The superior performance, in men, of the FE strengths in fall loading compared with aBMD is not surprising. For many years, aBMD has been used as a surrogate for proximal femoral strength, a key indicator of fracture risk. However, with the emergence of QCT scan-based FE modeling, better estimates of proximal femoral strength have become possible [19]. These models directly and explicitly account for the complex three-dimensional (3-D) geometry and variations in material properties of the proximal femur, thereby allowing them to represent the mechanical response of the bone when forces or displacements are applied. In contrast, aBMD is the mean density in the total femur region, so density variations within that region, and the bone density outside that region, do not affect the value of aBMD. The calculation of aBMD also does not consider forces or displacements, and the 3-D geometry of the proximal femur only indirectly influences aBMD by causing larger bones to have greater aBMD values. Therefore, considering that the FE strengths and aBMD were computed from the same QCT data, the significant FE results after controlling for aBMD must be attributed to differences between the FE and aBMD methodologies. These differences enabled the FE models to provide more robust estimates of proximal femoral strength compared with the total femur aBMD, thereby improving the association with incident hip fracture.

The age-matched design of this study enhanced our ability to explore gender differences in proximal femoral strength and hip fracture as a function of age. In particular, our cross-sectional analysis of age-related FE strength loss by gender and fracture status may explain why proximal femoral strength is strongly associated with incident hip fracture in men but much less so in women. In the youngest male and female subjects, the reductions in strength associated with fracture were comparable (Figure 4). However, more rapid decreases in proximal femoral strength with age in female control subjects compared with those in female fracture subjects (Figure 4, Table 5) caused the reductions in FE strength associated with fracture to vanish in the oldest female subjects for all loading conditions except lateral fall loading. This finding implies that, once the hip bone strengths of all women decrease to a certain level, the most important determinants of hip fracture are those that influence the forces applied to the proximal femur, such as the propensity for falling or fall mechanics. This behavior contrasts dramatically with that of the male subjects whose reductions in bone strength associated with fracture were independent of age. This finding, in combination with the greater proximal femoral strengths in younger men compared with younger women enhanced the age-related differences between men and women. Consistent with previous findings from the AGES-Reykjavik study which showed that the gender disparity in bone loss continued to evolve even in very elderly subjects [20], this finding highlights the need to stratify by age group when evaluating gender differences in fracture prediction.

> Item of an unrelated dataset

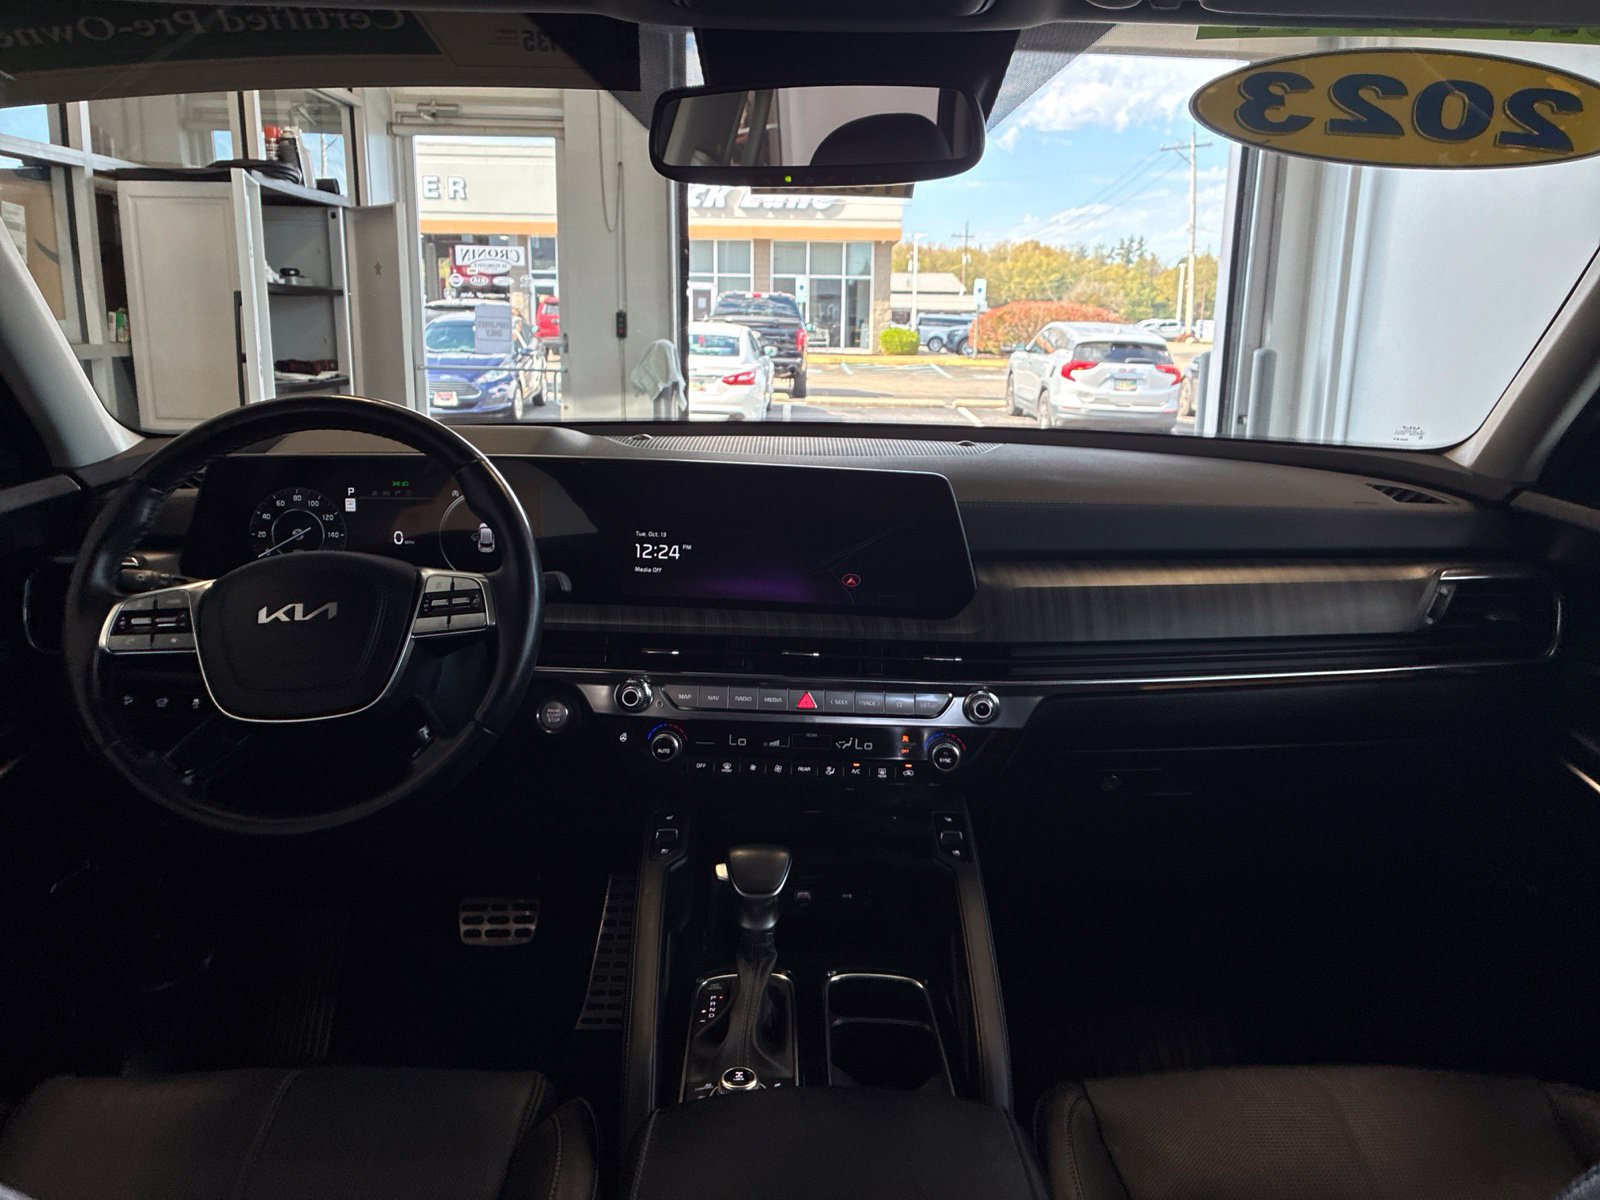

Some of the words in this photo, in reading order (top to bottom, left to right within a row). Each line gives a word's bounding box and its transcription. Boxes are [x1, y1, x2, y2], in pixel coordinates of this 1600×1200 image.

Although this study was not powered to rigorously compare the regression equations for the four loading conditions, our results suggest that the greatest benefit of using FE analysis instead of aBMD to evaluate hip fracture risk in men may be achieved with posterolateral loading. For this loading condition, after accounting for the effect of aBMD, the percentage reduction in hip bone strength associated with fracture was 11% (424 N), about twice that for posterior loading, 5% (158 N), and lateral loading, 6% (254 N). One might argue that posterolateral loading produced the strongest results in our study because the FE-computed load capacity was optimized in only the posterolateral condition (see Appendix). However, optimization simply maximized the correlation between FE-computed and measured load capacity, which would not induce systematic changes to the FE-computed load capacities in the fracture and/or control subjects. Specifically, for posterolateral loading, optimization caused the FE models to account for about 34% more of the variance in measured load capacity (corresponding to a standard deviation of 522 N). This improvement in precision increased statistical power, but should not have altered the association between load capacity and fracture status. Similarly, performing additional biomechanical testing and optimizing FE models for posterior and lateral loading would improve precision and increase statistical power for these loading conditions, which would be advantageous in future studies.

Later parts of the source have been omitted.